─── Task data
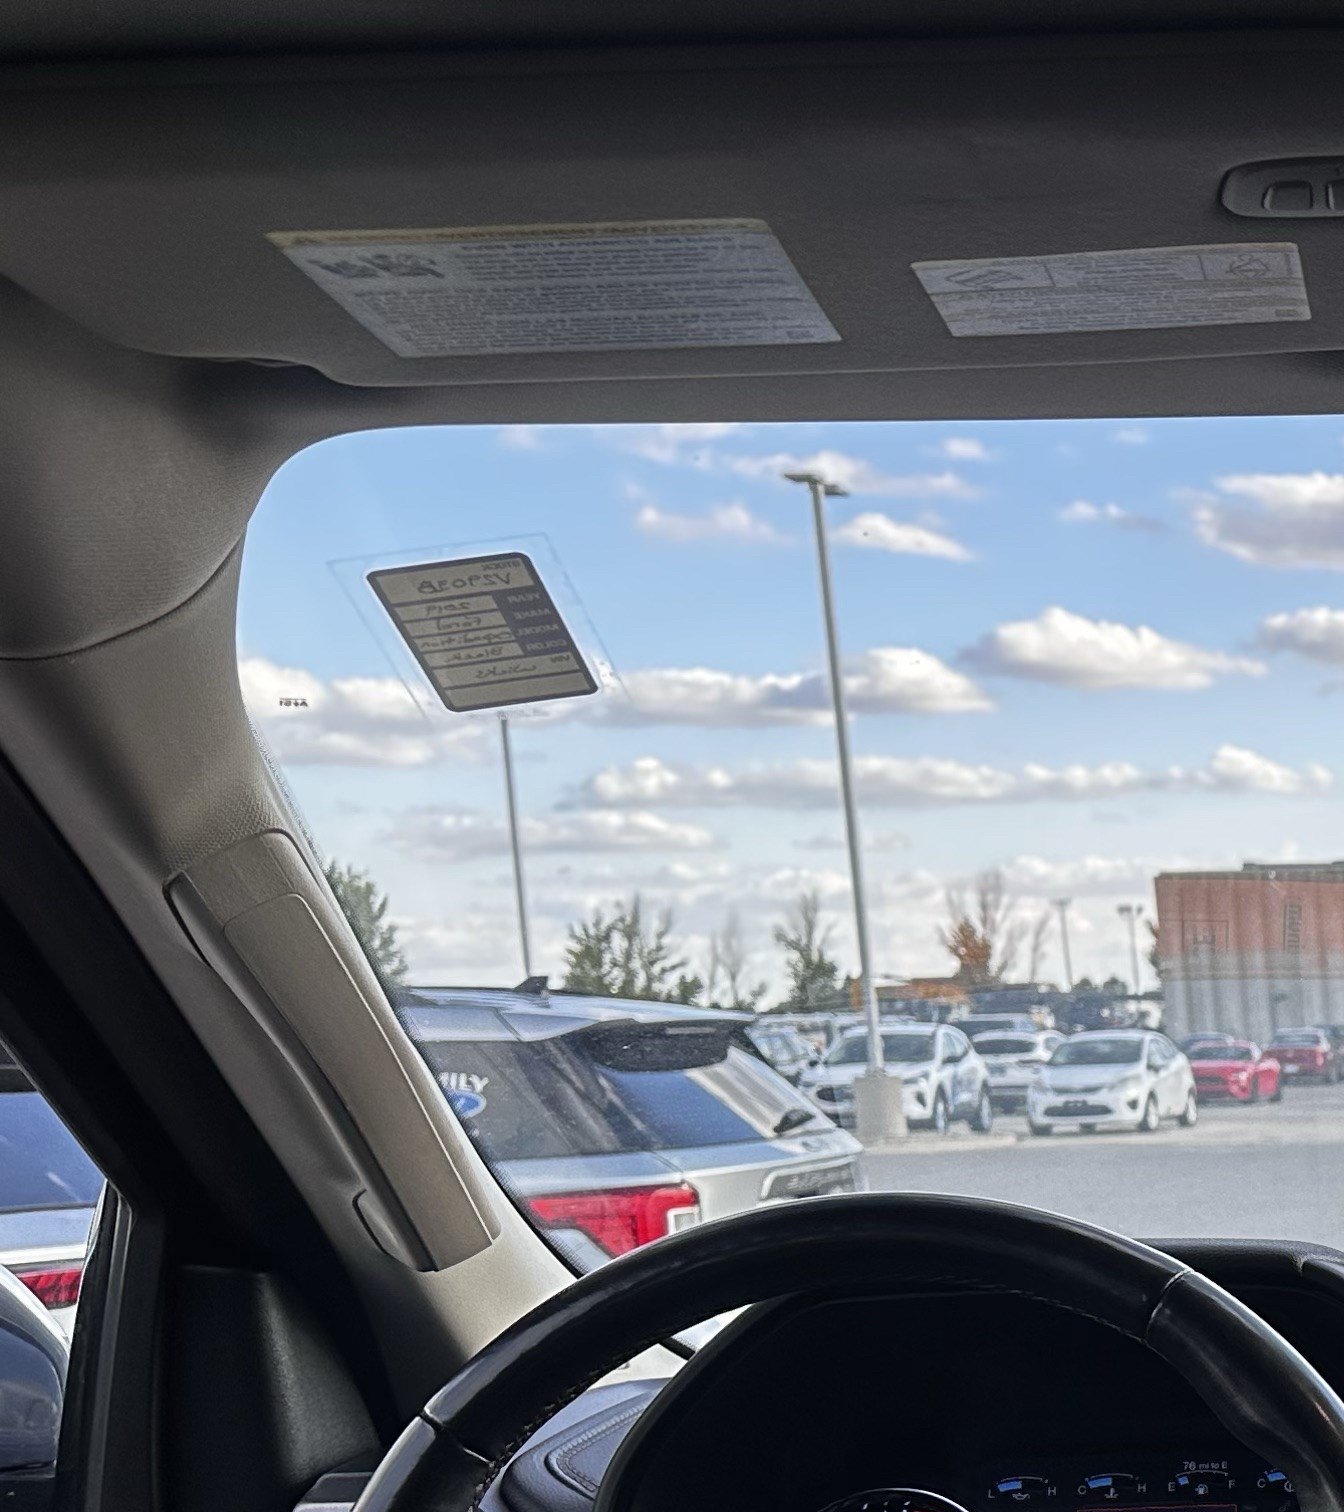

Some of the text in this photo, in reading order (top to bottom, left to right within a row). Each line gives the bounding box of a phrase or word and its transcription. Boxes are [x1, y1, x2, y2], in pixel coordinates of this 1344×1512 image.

[1168, 1482, 1175, 1492] E
[1228, 1479, 1236, 1489] F
[1257, 1478, 1267, 1488] C
[1077, 1485, 1087, 1495] C
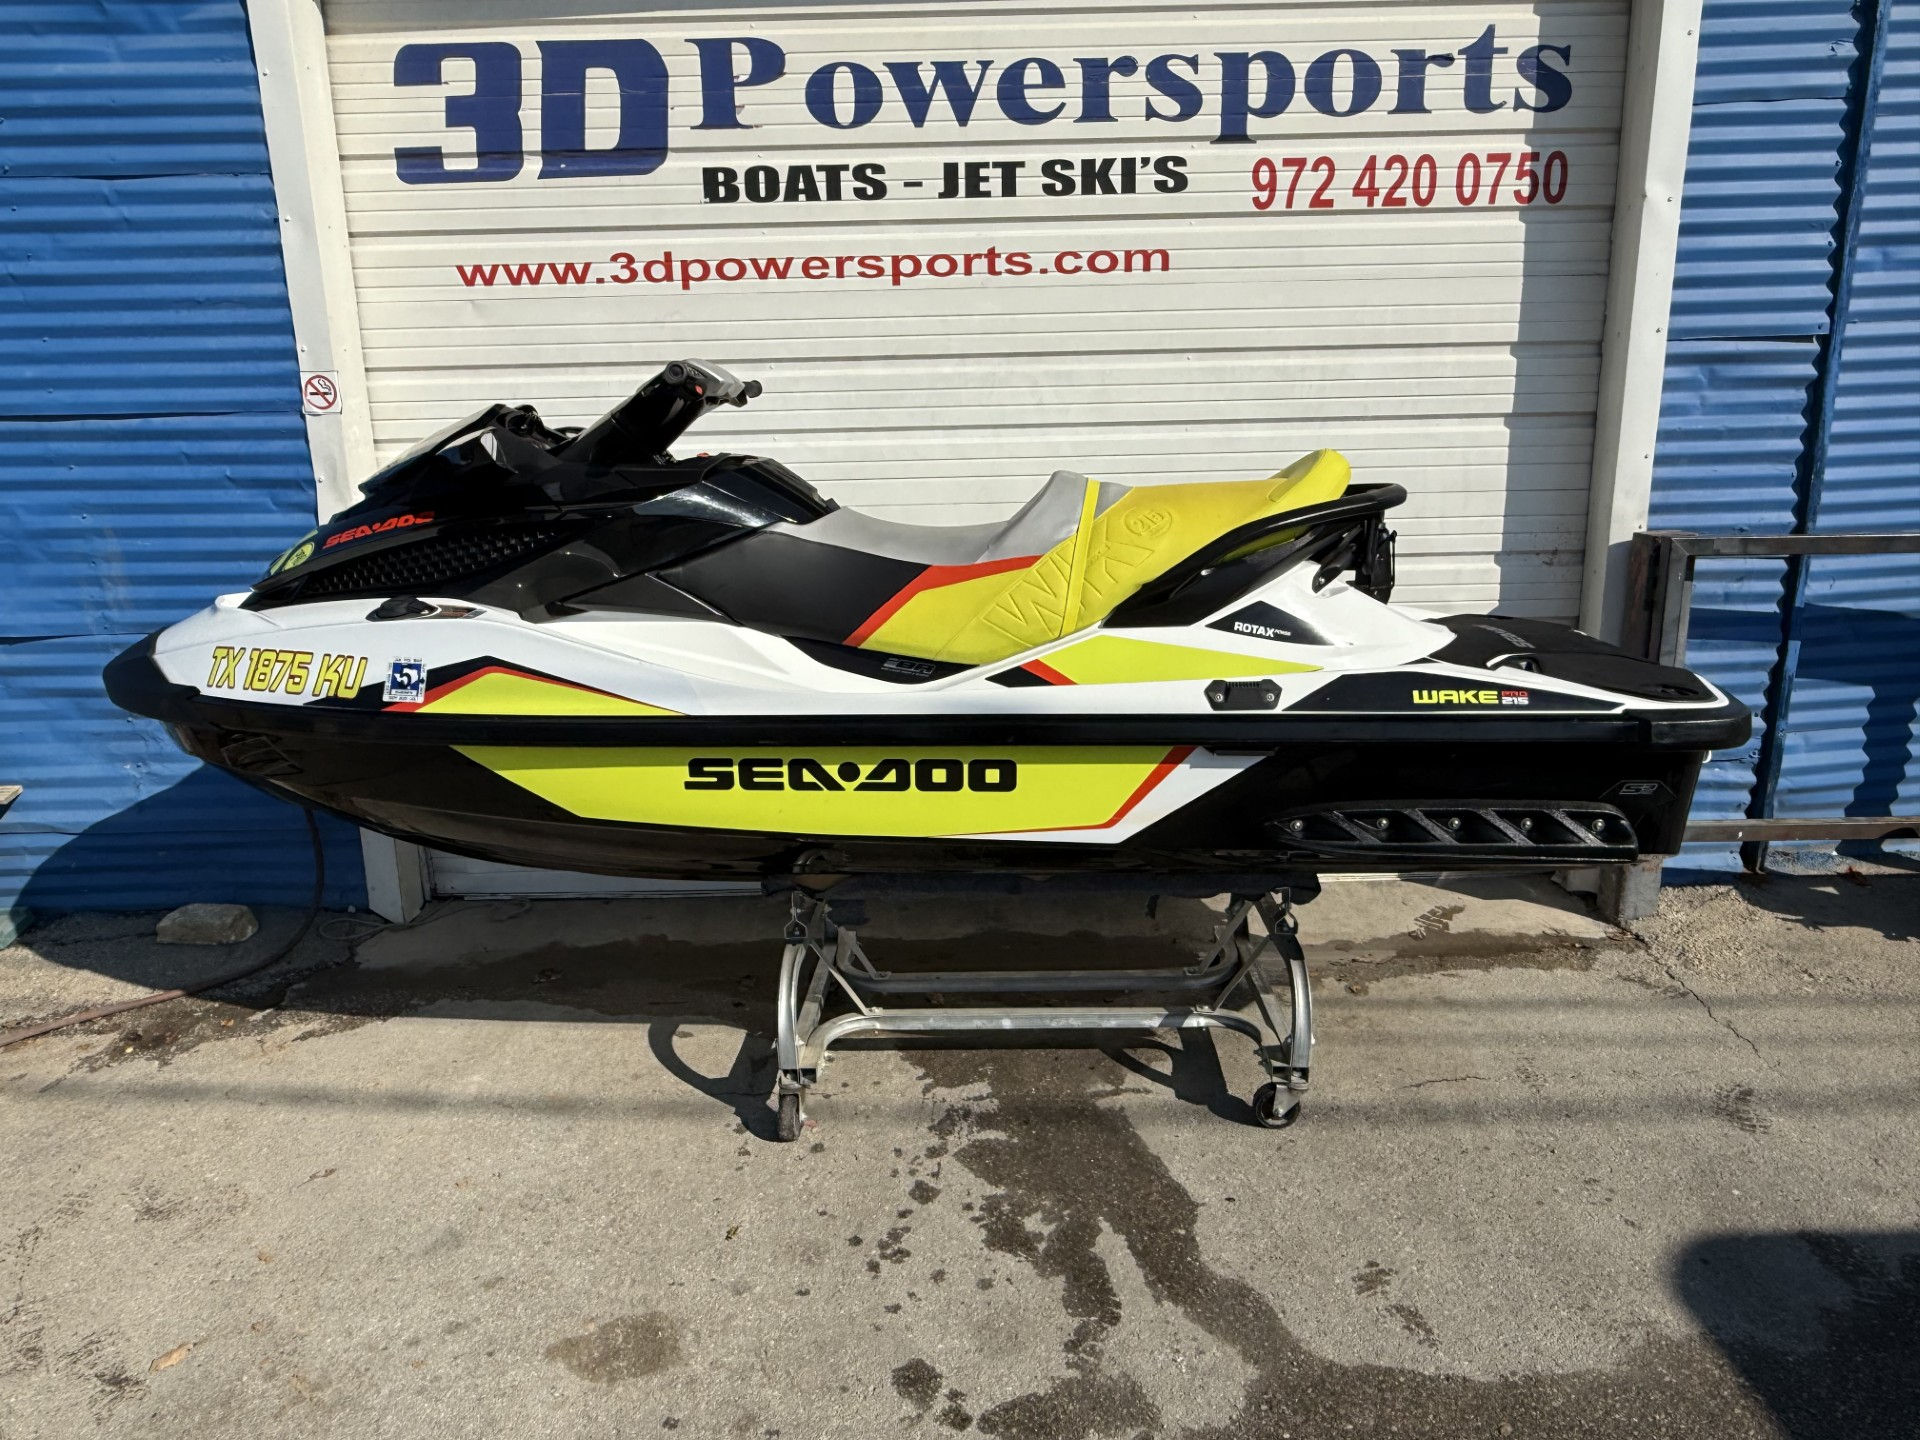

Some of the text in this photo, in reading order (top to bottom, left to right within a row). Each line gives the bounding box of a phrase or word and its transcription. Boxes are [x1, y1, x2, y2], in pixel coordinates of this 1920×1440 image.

[393, 24, 1573, 185] 3D Powersports
[701, 162, 888, 204] BOATS
[938, 161, 1026, 199] JET
[1041, 155, 1189, 196] SKI'S
[1252, 151, 1569, 211] 972 420 0750
[455, 246, 1171, 291] www.3dpowersports.com
[1233, 621, 1275, 638] ROTAX
[207, 646, 246, 689] TX
[243, 648, 314, 695] 1875
[312, 653, 368, 700] KU
[1412, 689, 1499, 704] WAKE
──────
## Description of the task
Since pictures are not part of the copy, set down only the remaining data exactly.

## Response to the exercise
Some of the text in this photo, in reading order (top to bottom, left to right within a row). Each line gives the bounding box of a phrase or word and its transcription. Boxes are [x1, y1, x2, y2], in pixel coordinates of this 1344×1512 image.

[1168, 1482, 1175, 1492] E
[1228, 1479, 1236, 1489] F
[1257, 1478, 1267, 1488] C
[1077, 1485, 1087, 1495] C

Some of the text in this photo, in reading order (top to bottom, left to right within a row). Each line gives the bounding box of a phrase or word and its transcription. Boxes are [x1, y1, x2, y2], in pixel coordinates of this 1920×1440 image.

[393, 24, 1573, 185] 3D Powersports
[701, 162, 888, 204] BOATS
[938, 161, 1026, 199] JET
[1041, 155, 1189, 196] SKI'S
[1252, 151, 1569, 211] 972 420 0750
[455, 246, 1171, 291] www.3dpowersports.com
[1233, 621, 1275, 638] ROTAX
[207, 646, 246, 689] TX
[243, 648, 314, 695] 1875
[312, 653, 368, 700] KU
[1412, 689, 1499, 704] WAKE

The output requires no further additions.